WHAT THE TASK ASKS
Write out all of the records exactly once more and skip the images.

------------------------------------------------

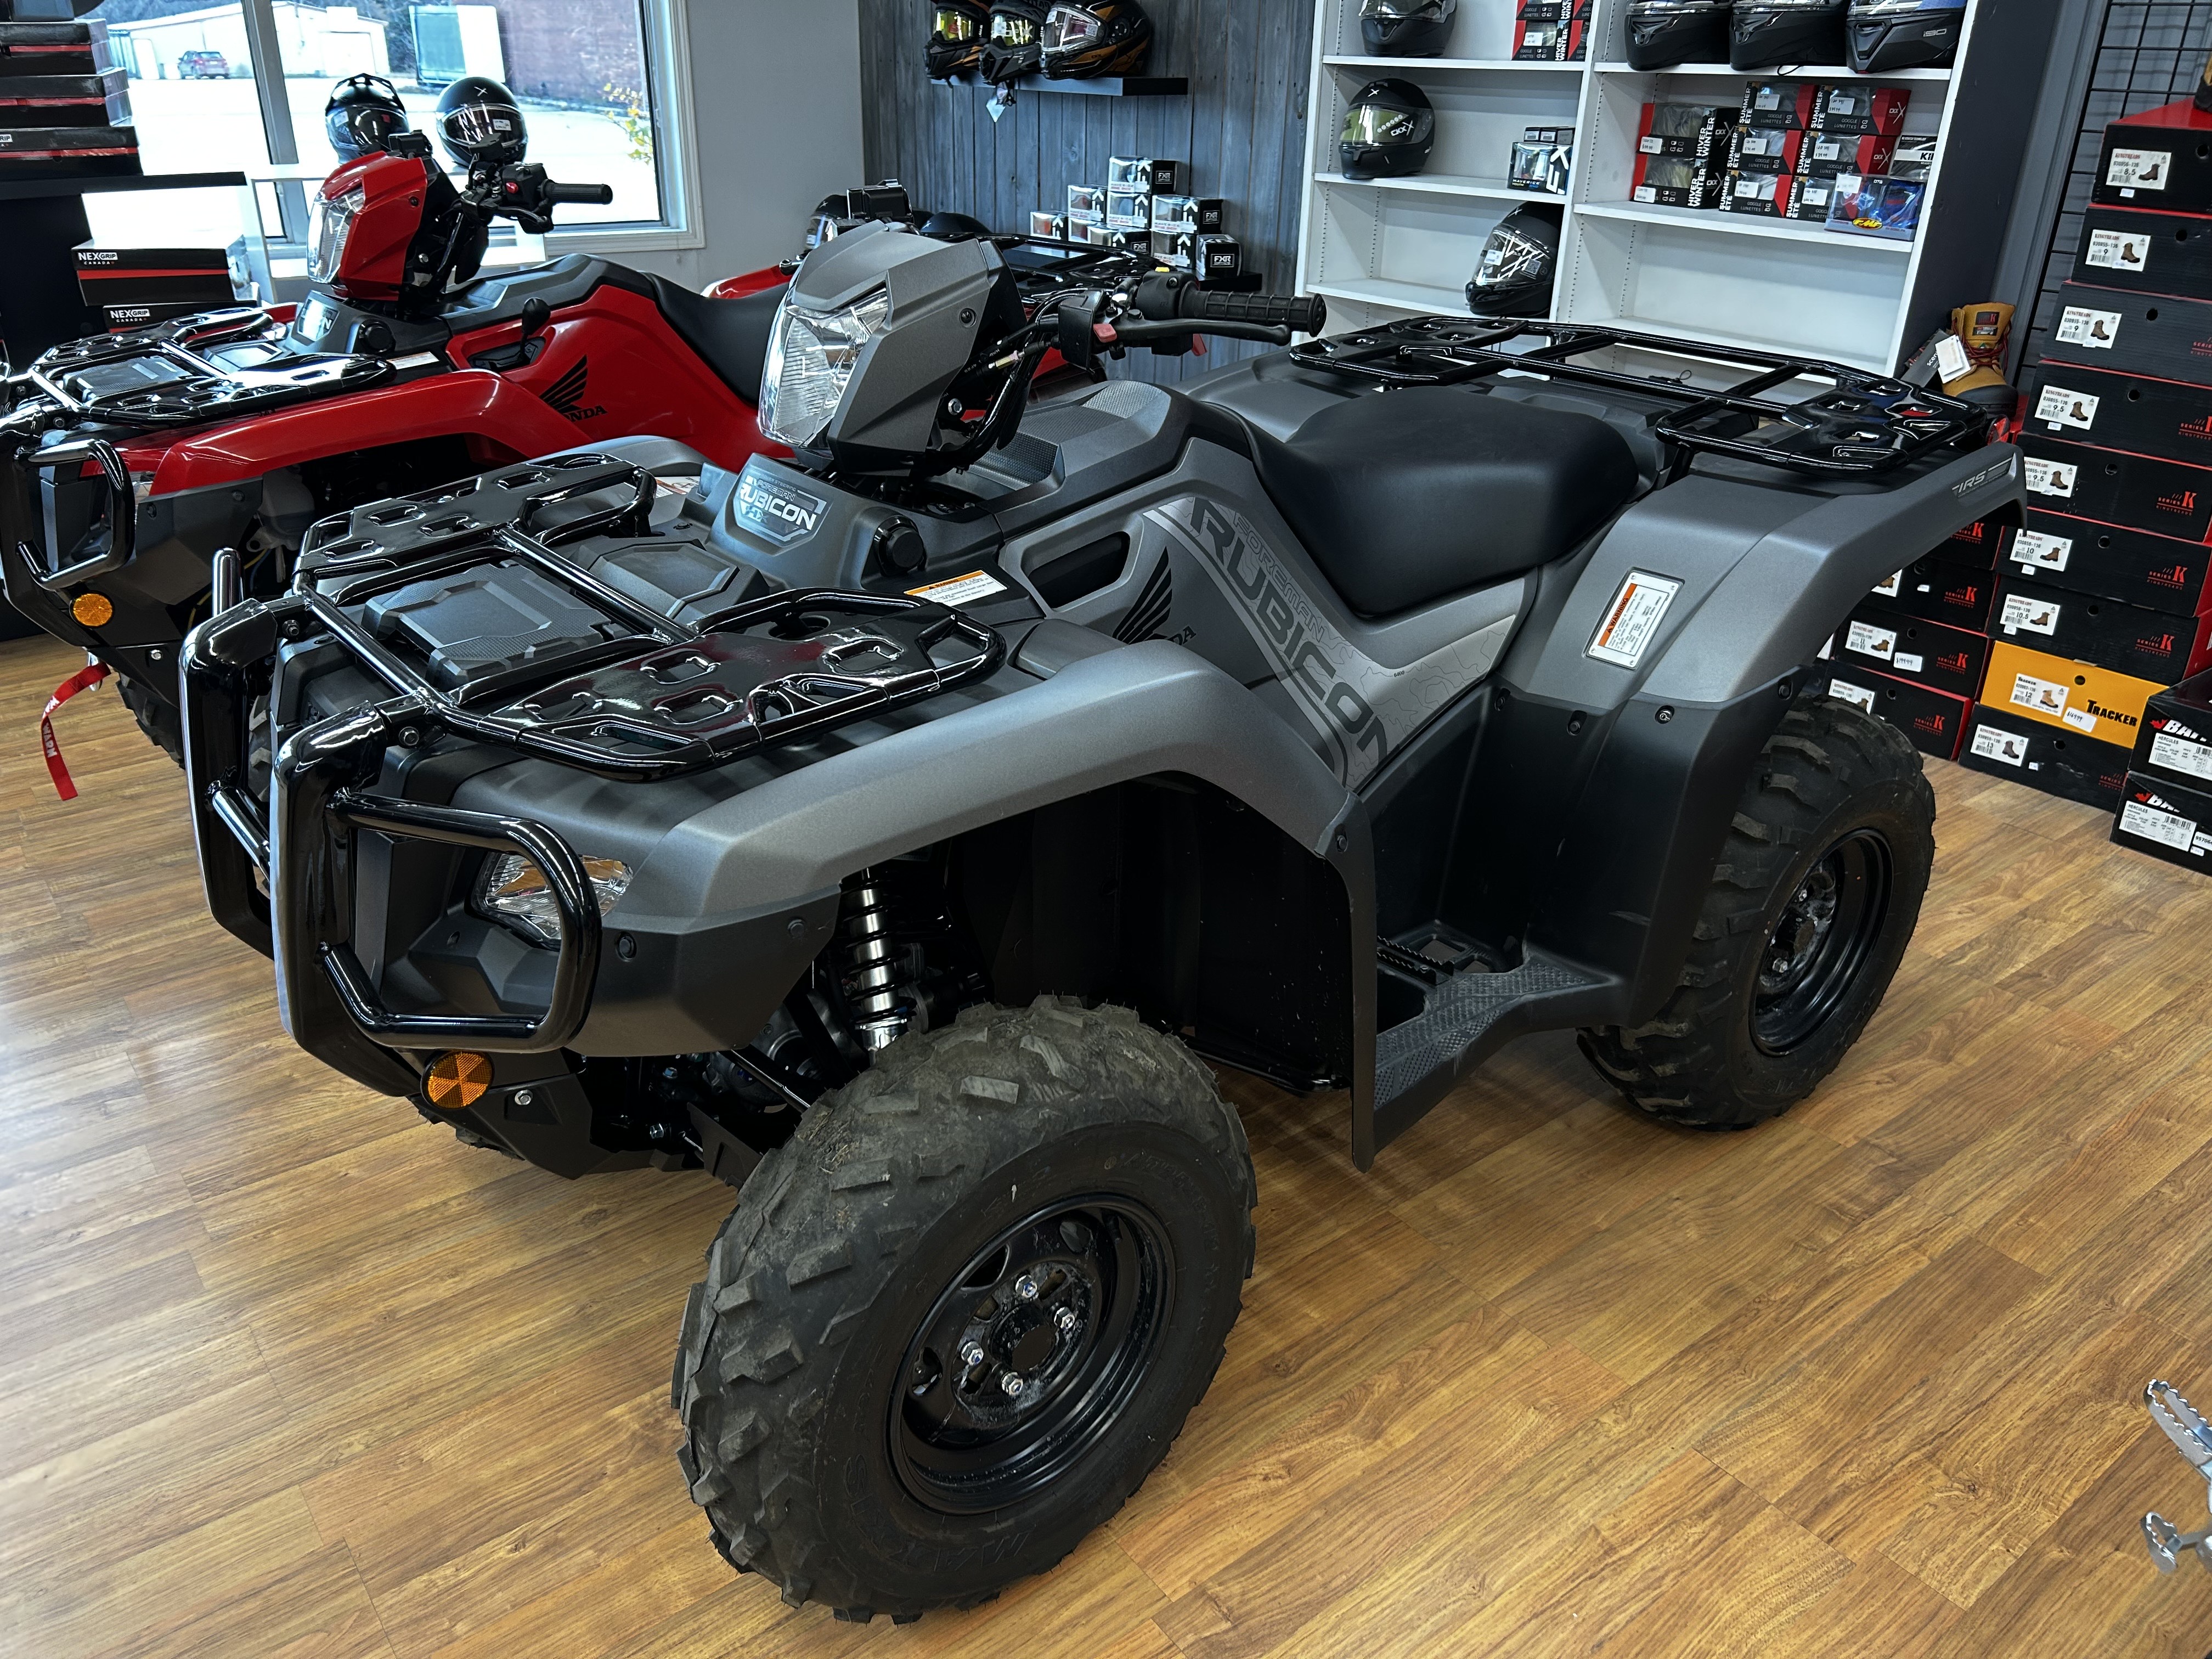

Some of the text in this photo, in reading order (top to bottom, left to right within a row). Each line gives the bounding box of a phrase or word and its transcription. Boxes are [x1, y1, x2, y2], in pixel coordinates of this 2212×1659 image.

[1560, 28, 1568, 61] WINTER
[1739, 87, 1751, 124] SUMMER
[1810, 92, 1824, 128] SUMMER
[1696, 127, 1707, 156] HIVER
[1702, 117, 1716, 157] WINTER
[1727, 132, 1739, 168] SUMMER
[1797, 137, 1809, 174] SUMMER
[1688, 178, 1698, 207] HIVER
[1693, 168, 1706, 207] WINTER
[1719, 175, 1731, 210] SUMMER
[1786, 182, 1799, 218] SUMMER
[1853, 219, 1882, 228] FMF
[2180, 422, 2203, 431] SERIES
[1957, 470, 1987, 493] IRS
[740, 483, 817, 531] RUBICON
[2158, 491, 2197, 509] SERIES K
[1972, 522, 1984, 538] K
[935, 579, 960, 588] WARNING
[1233, 511, 1325, 642] FOREMAN
[2149, 566, 2188, 583] SERIES K
[1965, 586, 1978, 602] K
[1609, 597, 1629, 627] WARNING
[2137, 634, 2175, 651] SERIES K
[1393, 670, 1406, 678] 6400
[1938, 653, 1968, 668] SERIES K
[1915, 714, 1945, 730] SERIES K
[2086, 699, 2138, 727] TRACKER
[2158, 736, 2179, 744] HERCULES
[2128, 804, 2148, 814] HERCULES

------------------------------------------------

TASK OUTPUT
Some of the text in this photo, in reading order (top to bottom, left to right within a row). Each line gives the bounding box of a phrase or word and its transcription. Boxes are [x1, y1, x2, y2], in pixel coordinates of this 2212×1659 image.

[1560, 28, 1568, 61] WINTER
[1739, 87, 1751, 124] SUMMER
[1810, 92, 1824, 128] SUMMER
[1696, 127, 1707, 156] HIVER
[1702, 117, 1716, 157] WINTER
[1727, 132, 1739, 168] SUMMER
[1797, 137, 1809, 174] SUMMER
[1688, 178, 1698, 207] HIVER
[1693, 168, 1706, 207] WINTER
[1719, 175, 1731, 210] SUMMER
[1786, 182, 1799, 218] SUMMER
[1853, 219, 1882, 228] FMF
[2180, 422, 2203, 431] SERIES
[1957, 470, 1987, 493] IRS
[740, 483, 817, 531] RUBICON
[2158, 491, 2197, 509] SERIES K
[1972, 522, 1984, 538] K
[935, 579, 960, 588] WARNING
[1233, 511, 1325, 642] FOREMAN
[2149, 566, 2188, 583] SERIES K
[1965, 586, 1978, 602] K
[1609, 597, 1629, 627] WARNING
[2137, 634, 2175, 651] SERIES K
[1393, 670, 1406, 678] 6400
[1938, 653, 1968, 668] SERIES K
[1915, 714, 1945, 730] SERIES K
[2086, 699, 2138, 727] TRACKER
[2158, 736, 2179, 744] HERCULES
[2128, 804, 2148, 814] HERCULES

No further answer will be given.